Diplômé de médecine en 1923 à l'université de Melbourne, Burnet fut chercheur (1926-1927) à l'Institut Lister de médecine préventive à Londres. Il devint directeur adjoint de l'Institut Walter et Eliza Hall de recherche médicale à l'hôpital royal de Melbourne en 1928, puis en 1944 fut promu directeur et professeur de médecine expérimentale à l'université de Melbourne.
Burnet formula en 1949 la prédiction que la tolérance est une propriété générale de tout système immunologique, au même titre que la production d'anticorps. Le but des recherches semblait être le suivant : montrer que si l'on soumet un embryon à l'action d'un antigène, il se comportera à son égard comme à l'égard de ses propres constituants et la tolérera ensuite pendant toute sa vie. Les premières tentatives entreprises par Burnet et Fenner aboutirent à des échecs, en raison notamment de la nature des antigènes employés (globules rouges et virus).

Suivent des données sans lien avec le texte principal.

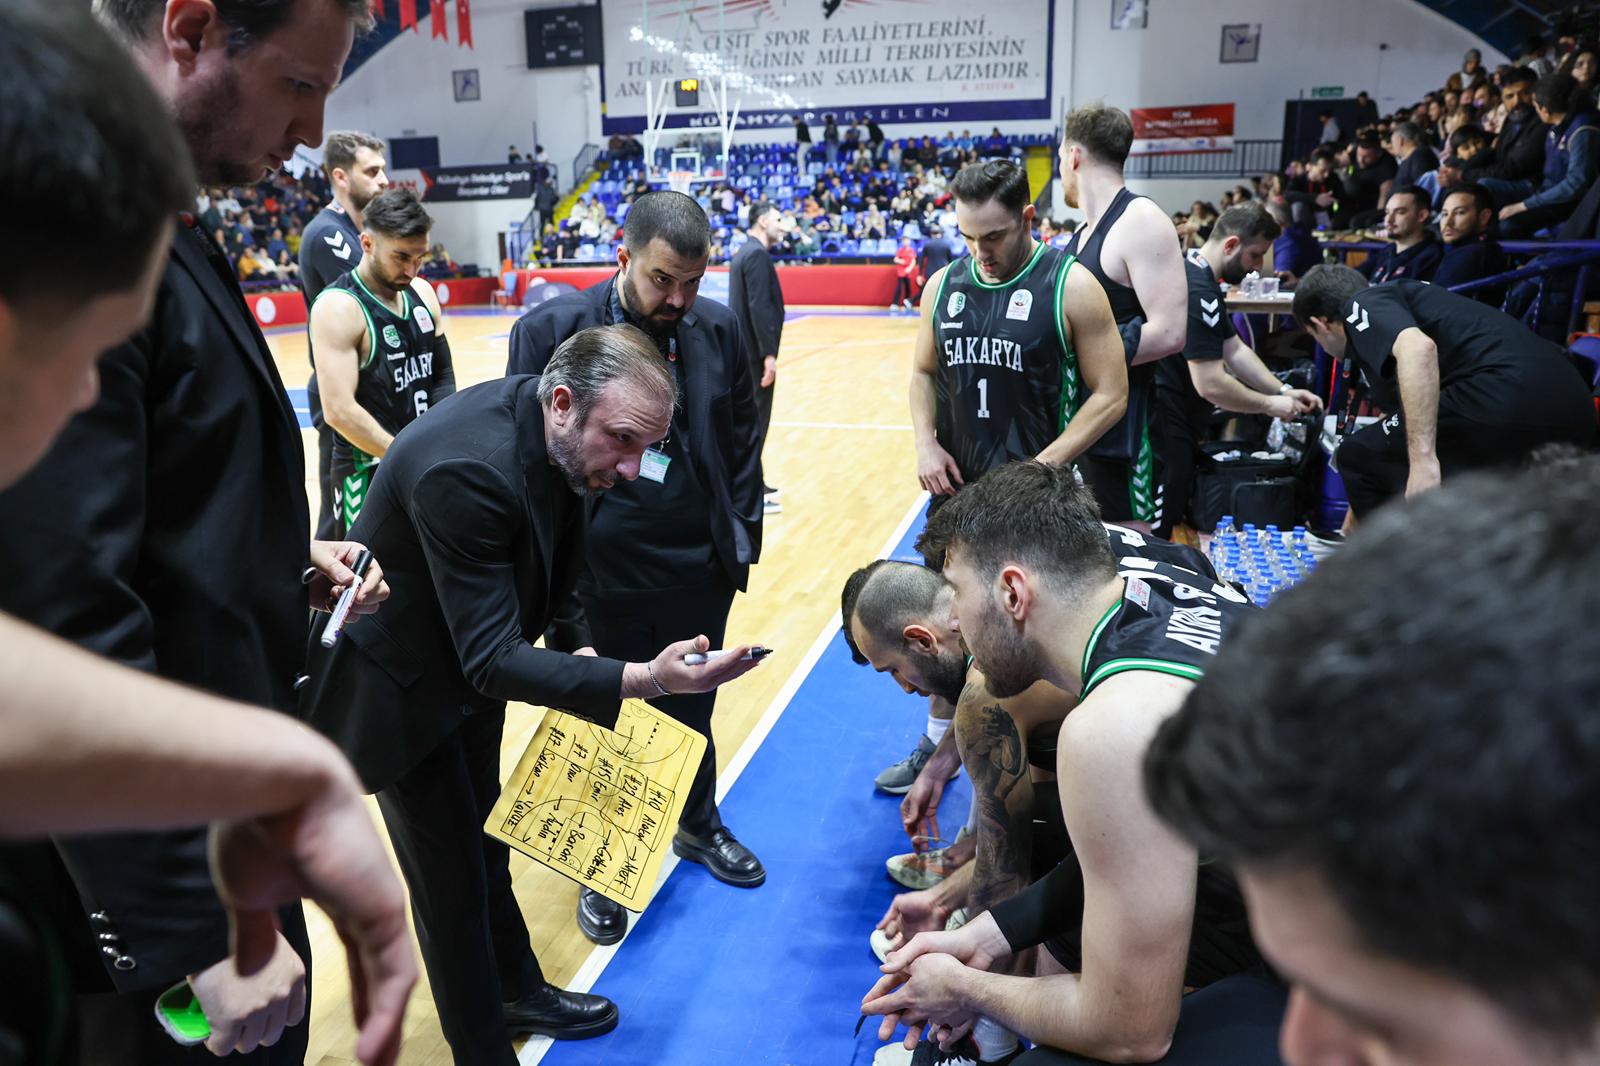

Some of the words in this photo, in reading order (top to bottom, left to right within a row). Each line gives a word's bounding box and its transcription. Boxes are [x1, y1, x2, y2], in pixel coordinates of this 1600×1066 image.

[763, 29, 811, 46] SPOR
[816, 45, 872, 66] MİLLİ
[885, 36, 1026, 62] TERBİYESİNİN
[835, 66, 915, 87] SAYMAK
[944, 337, 1024, 373] SAKARYA
[977, 378, 990, 419] 1
[558, 829, 586, 862] Baran
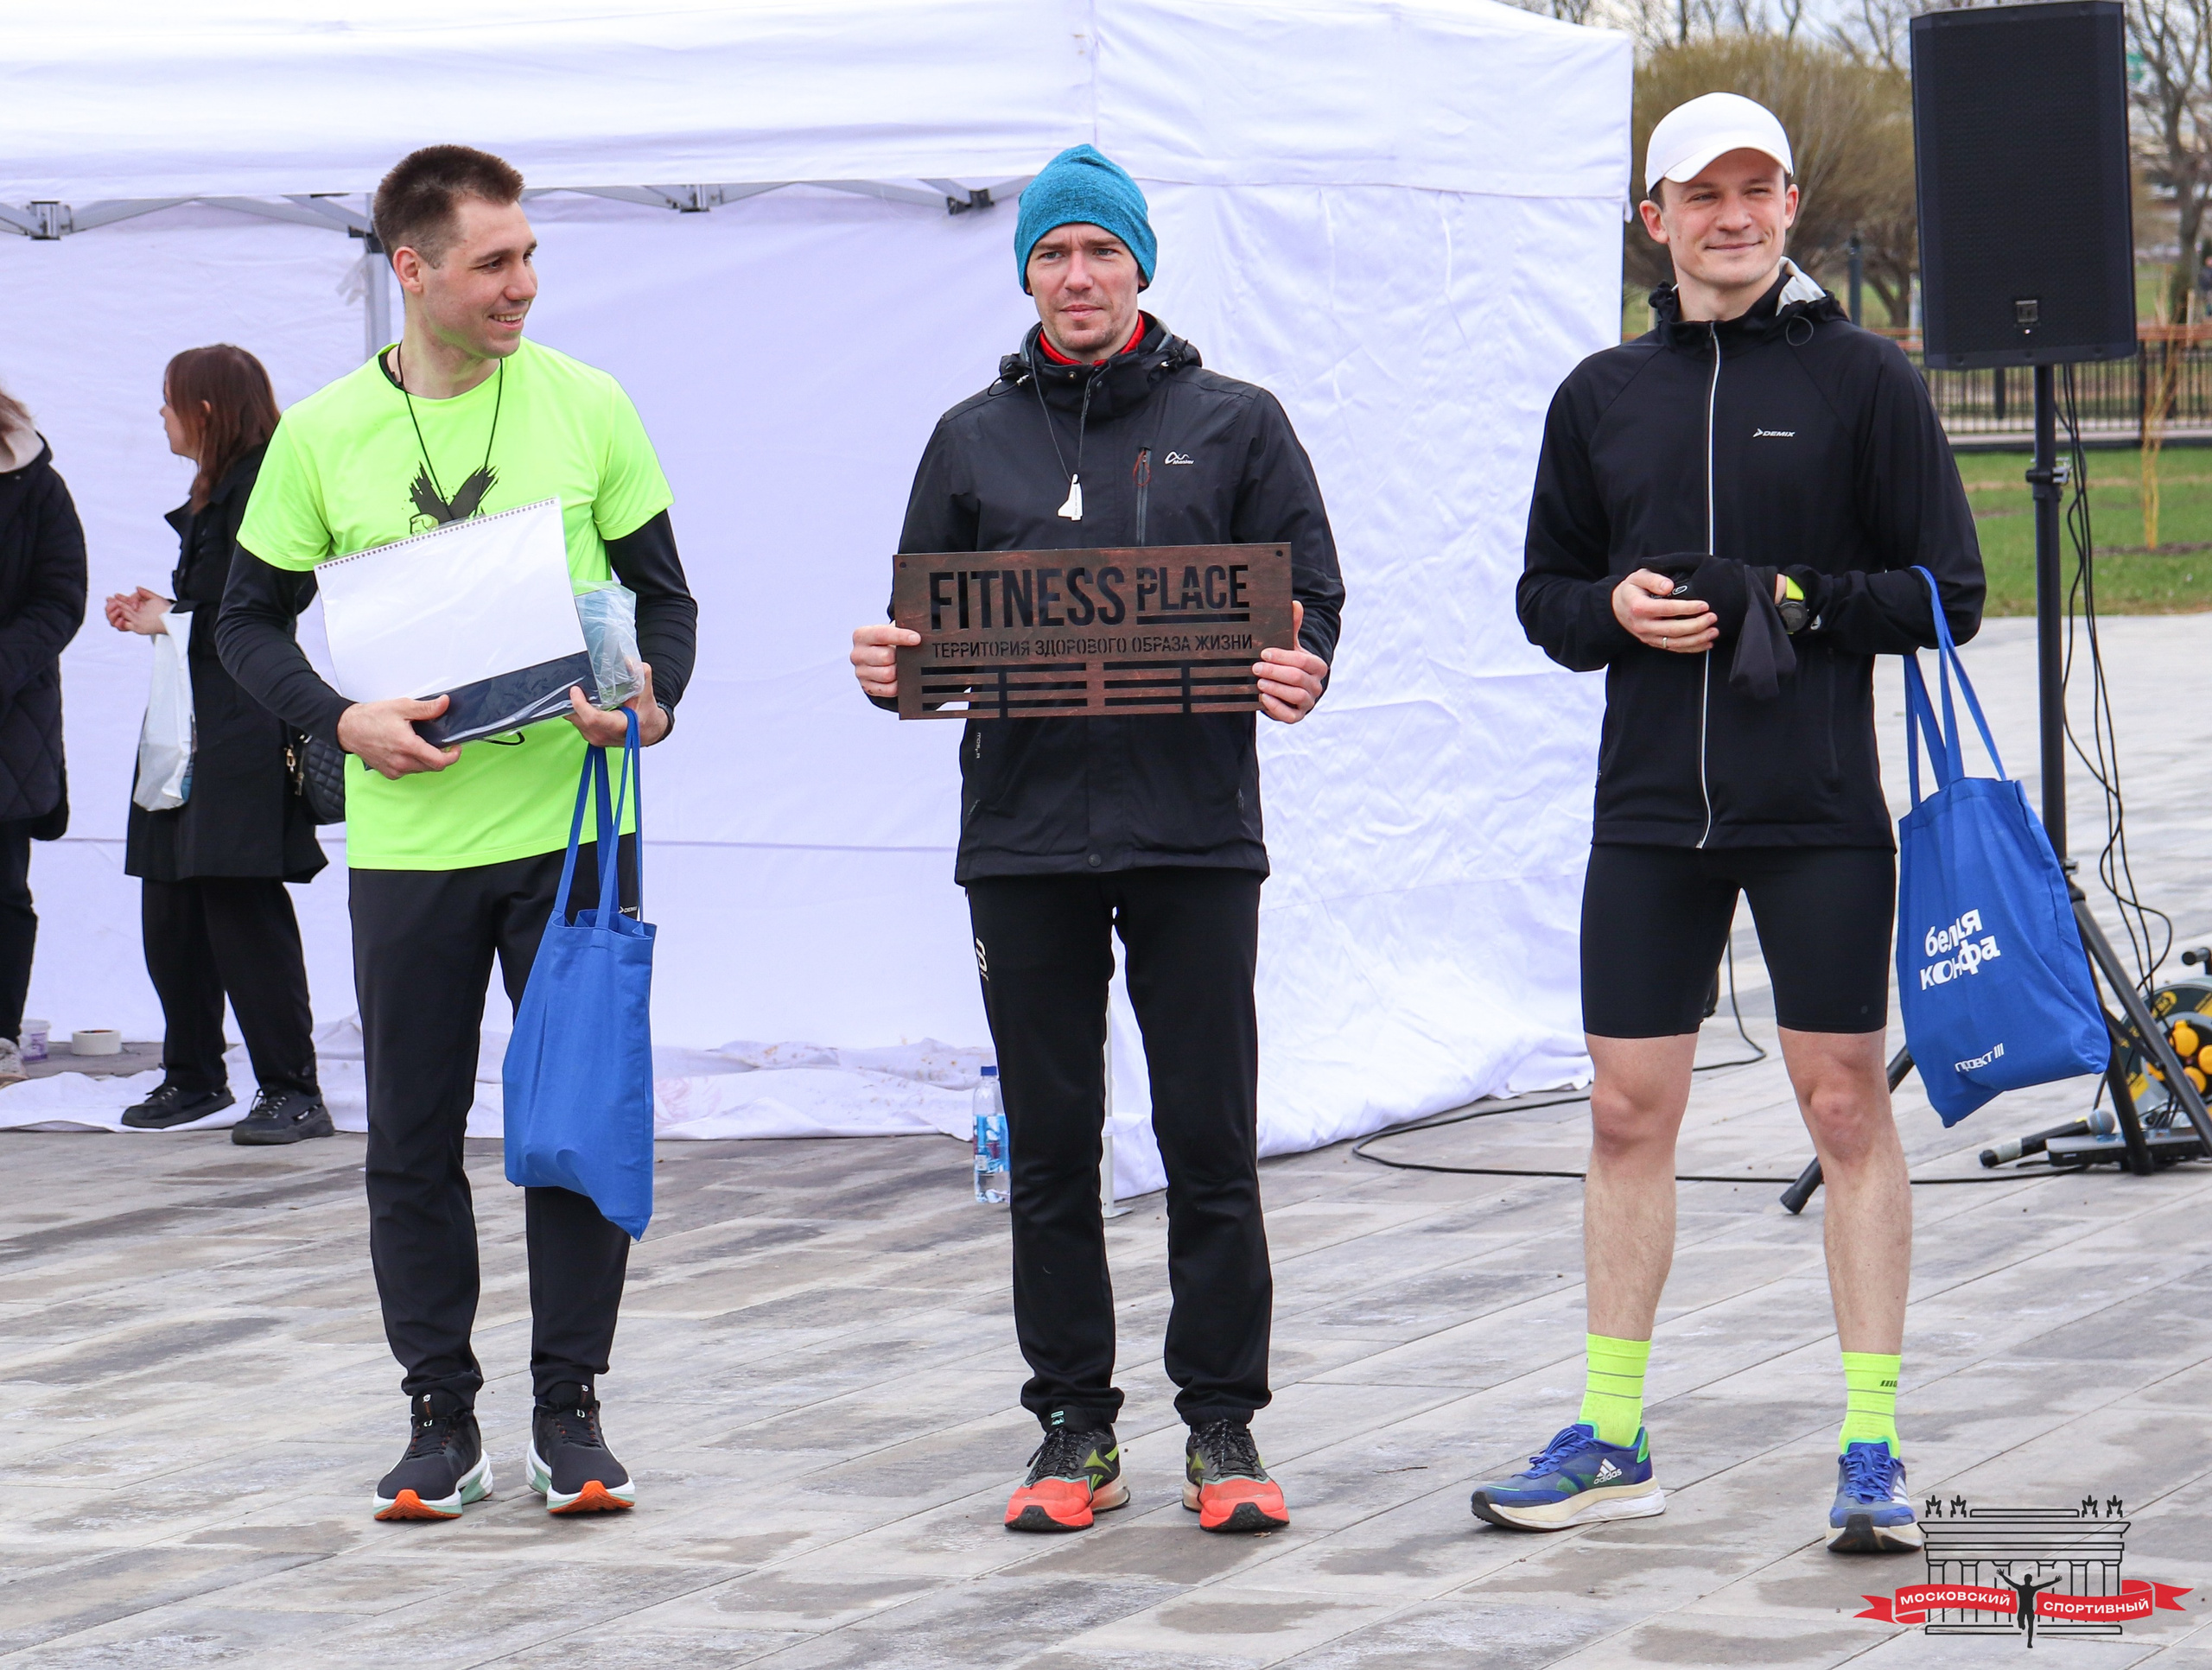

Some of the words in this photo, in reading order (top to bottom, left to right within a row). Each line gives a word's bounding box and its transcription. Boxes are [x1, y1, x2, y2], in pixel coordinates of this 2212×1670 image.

[929, 567, 1126, 630] FITNESS
[1136, 564, 1250, 611] PLACE
[931, 641, 1030, 658] ТЕРРИТОРИЯ
[1035, 637, 1127, 657] ЗДОРОВОГО
[1132, 636, 1191, 653] ОБРАЗА
[1195, 633, 1253, 651] ЖИЗНИ
[1593, 1468, 1623, 1484] adidas
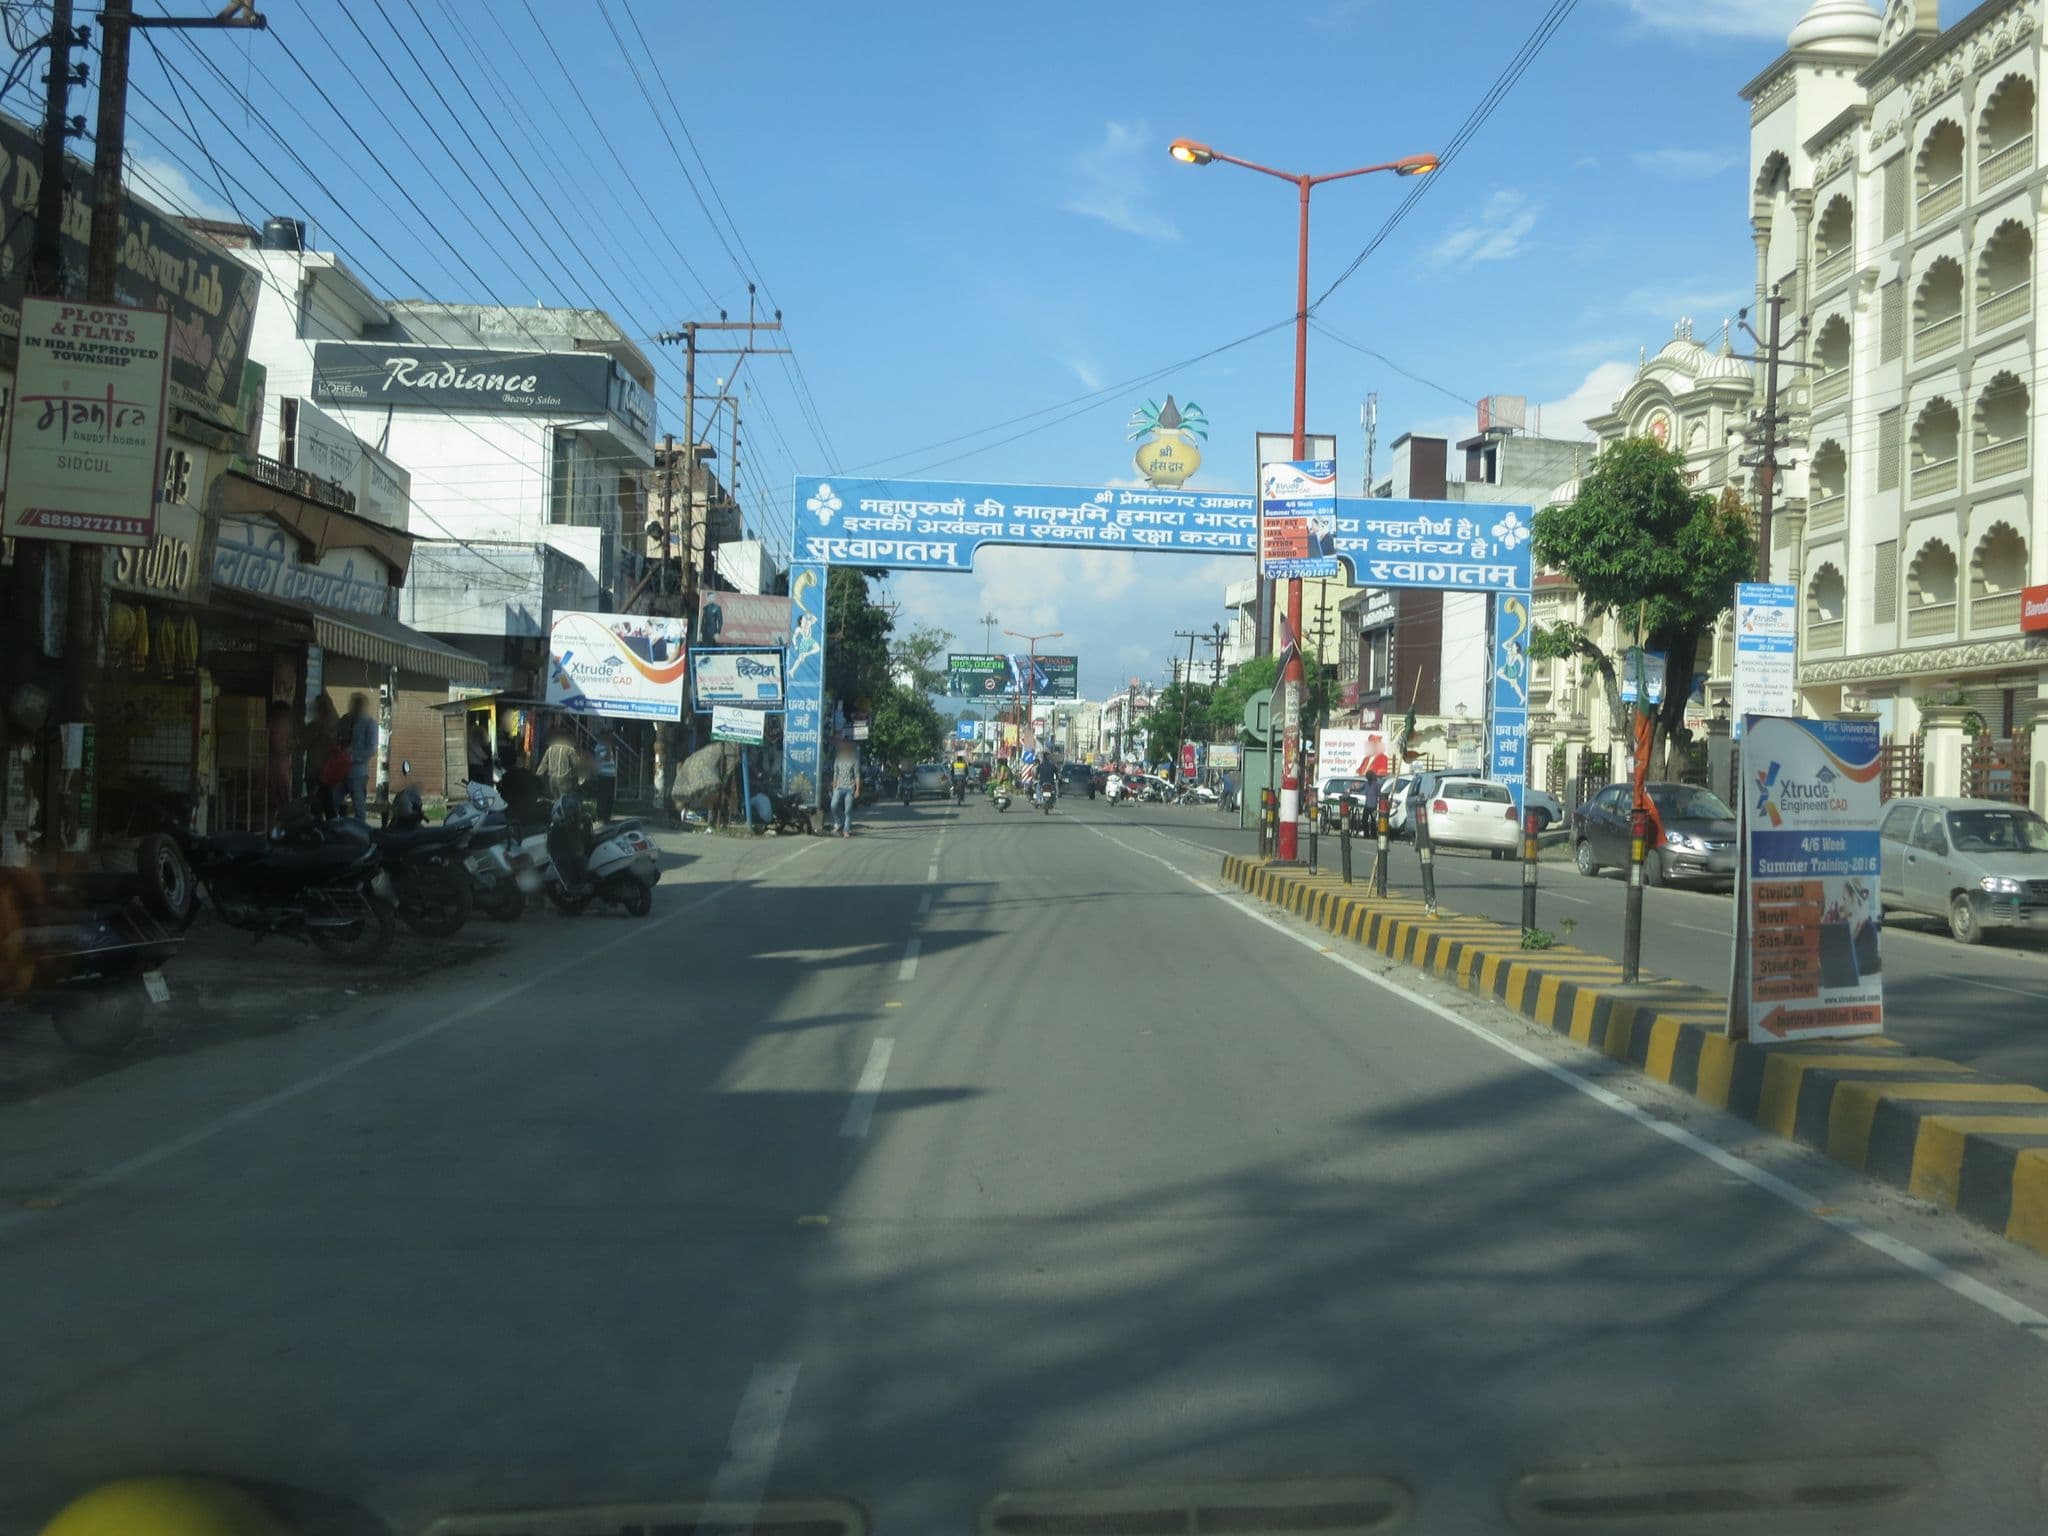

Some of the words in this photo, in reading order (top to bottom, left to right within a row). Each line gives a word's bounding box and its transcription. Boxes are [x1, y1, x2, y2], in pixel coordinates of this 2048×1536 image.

[184, 257, 223, 317] Lab
[61, 307, 129, 327] PLOTS
[51, 323, 67, 336] &
[72, 324, 135, 343] FLATS
[24, 336, 41, 347] IN
[44, 338, 75, 351] HDA
[79, 342, 159, 360] APPROVED
[53, 350, 131, 367] TOWNSHIP
[381, 357, 536, 393] Radiance
[502, 393, 534, 407] Beauty
[535, 395, 561, 406] Salon
[73, 431, 104, 444] happy
[112, 435, 146, 446] homes
[57, 456, 113, 473] SIDCUL
[1094, 489, 1113, 504] श्री
[1120, 493, 1197, 508] प्रेमनगर
[1200, 497, 1253, 510] आश्रम
[40, 513, 145, 534] 8899777111
[860, 498, 965, 518] महापुरुषों
[975, 498, 1005, 518] की
[1013, 503, 1109, 527] मातृभूमि
[1117, 509, 1185, 527] हमारा
[1193, 512, 1256, 528] भारत
[1367, 516, 1452, 538] महातीर्थ
[843, 514, 911, 532] इसकी
[918, 518, 1004, 536] अखंडता
[1009, 523, 1025, 536] व
[1099, 522, 1125, 541] की
[1132, 528, 1173, 546] रक्षा
[1180, 530, 1240, 546] करना
[805, 536, 959, 567] सुस्वागतम्
[1268, 550, 1297, 558] ANDROID
[1370, 559, 1518, 589] स्वागतम्
[571, 662, 613, 677] Xtrude
[613, 676, 633, 686] CAD
[1840, 722, 1877, 735] University
[1780, 778, 1829, 799] Xtrude
[1830, 800, 1848, 812] CAD
[1801, 837, 1820, 852] 4/6
[1822, 837, 1846, 851] Week
[1759, 860, 1808, 874] Summer

Outre ses travaux sur les greffes humaines, Burnet découvrit une méthode d'identification des bactéries par les bactériophages qui les attaquent, et il mit au point une technique (désormais de pratique courante dans les laboratoires) de culture des virus sur les embryons vivants de poulet. Par ses recherches sur les virus, il accrut nos connaissances sur le caractère infectieux du virus de la grippe et accéléra la victoire sur des maladies telles que la myxomatose, la fièvre de la vallée du Murray (arbovirose du groupe B) et la fièvre Q. Il isola l'agent de la fièvre Q : Rickettsia burneti ou Coxiella burneti.
Parmi ses publications, il faut citer : Les Virus et l'homme (1953), Principes de virologie animale (1955), et Théorie de l'immunité acquise fondée sur la sélection clonale (1959).
Il partagea avec Peter Medawar le prix Nobel de médecine (1960) pour ses travaux sur la tolérance immunologique.